Custom Storage Locations
While Synapse provides physical storage for files (using Amazon’s S3), not all data ‘in’ Synapse is stored on Synapse controlled locations. For example, data files can physically reside on a user-owned S3 bucket, SFTP servers, or a local file server using a proxy servers. Creating a custom storage location allows users ownership and control of their files, especially in cases where there is a large amount of data or cases where there are additional restrictions that need to be set on the data.
Setting Up an External AWS S3 Bucket
There are two ways to setup an External AWS S3 Bucket.
- Setup with AWS Console - Manual setup using the AWS Console.
- Setup with AWS Cloudformation - Automated setup using AWS Cloudformation.
Follow the documentation on Amazon Web Service (AWS) site to Create a Bucket. Buckets are not required to be located in the US.
Make the following adjustments to customize it to work with Synapse:
- When the AWS instructions prompt you to
Create a Bucket - Select a Bucket Name and Region, use a unique name. For example,thisisthenameofmybucket. - Select the newly created bucket and click the Permissions tab.
- Select the Bucket Policy button and copy one of the below policies (read-only or read-write permissions). Change the name of
Resourcefrom “synapse-share.yourcompany.com” to the name of your new bucket (twice) and ensure that thePrincipalis"AWS":"325565585839". This is Synapse’s account number.
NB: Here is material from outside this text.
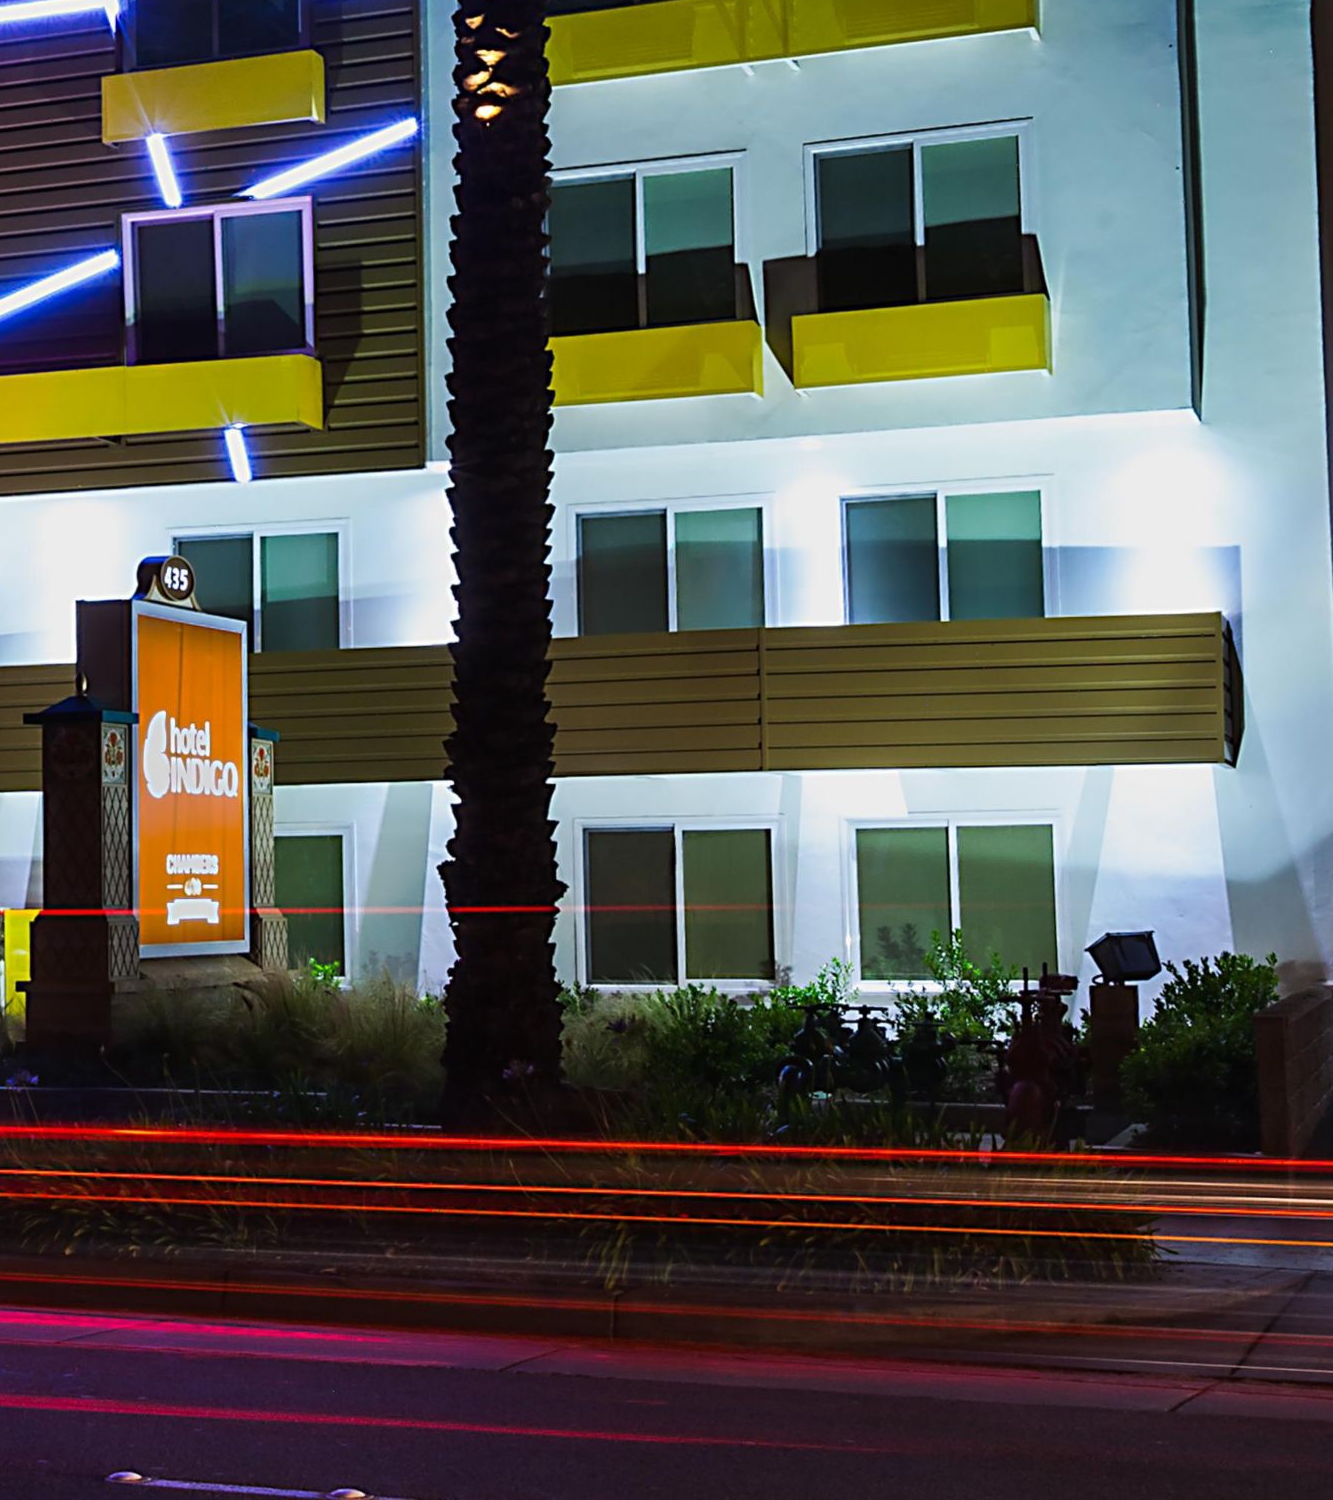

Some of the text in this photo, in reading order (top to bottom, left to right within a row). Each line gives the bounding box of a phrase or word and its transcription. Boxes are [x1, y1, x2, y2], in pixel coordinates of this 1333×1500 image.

- Select the Bucket Policy button and copy one of the below policies (read-only or read-write permissions). Change the name of
Read-write permissions
To allow authorized Synapse users to upload data to your bucket set read-write permissions need to be set on that bucket (you allow Synapse to upload and retrieve files):
{
"Statement": [
{
"Action": [ "s3:ListBucket*", "s3:GetBucketLocation" ],
"Effect": "Allow",
"Resource": "arn:aws:s3:::thisisthenameofmybucket",
"Principal": { "AWS": "325565585839" }
},
{
"Action": [ "s3:*Object*", "s3:*MultipartUpload*" ],
"Effect": "Allow",
"Resource": "arn:aws:s3:::thisisthenameofmybucket/*",
"Principal": { "AWS": "325565585839" }
}
]
}
For read-write permissions, you also need to create an object that proves to the Synapse service that you own this bucket. This can be done by creating an owner.txt file with your Synapse username and uploading it to your bucket. You can upload the file with the Amazon Web Console or if you have the AWS command line client, you can upload using the command line.
Command line
# copy your owner.txt file to your s3 bucket
aws s3 cp owner.txt s3://nameofmybucket/nameofmyfolder
Web
Navigate to your bucket on the Amazon Console and select Upload to upload your text file.
Read-only permissions
If you do not want to allow authorized Synapse users to upload data to your bucket but provide read access you can change the permissions to read-only:
{
"Statement": [
{
"Action": [ "s3:ListBucket*", "s3:GetBucketLocation" ],
"Effect": "Allow",
"Resource": "arn:aws:s3:::synapse-share.yourcompany.com",
"Principal": { "AWS": "325565585839" }
},
{
"Action": [ "s3:GetObject*", "s3:*MultipartUpload*" ],
"Effect": "Allow",
"Resource": "arn:aws:s3:::synapse-share.yourcompany.com/*",
"Principal": { "AWS": "325565585839" }
}
]
}
Make sure to enable cross-origin resource sharing (CORS)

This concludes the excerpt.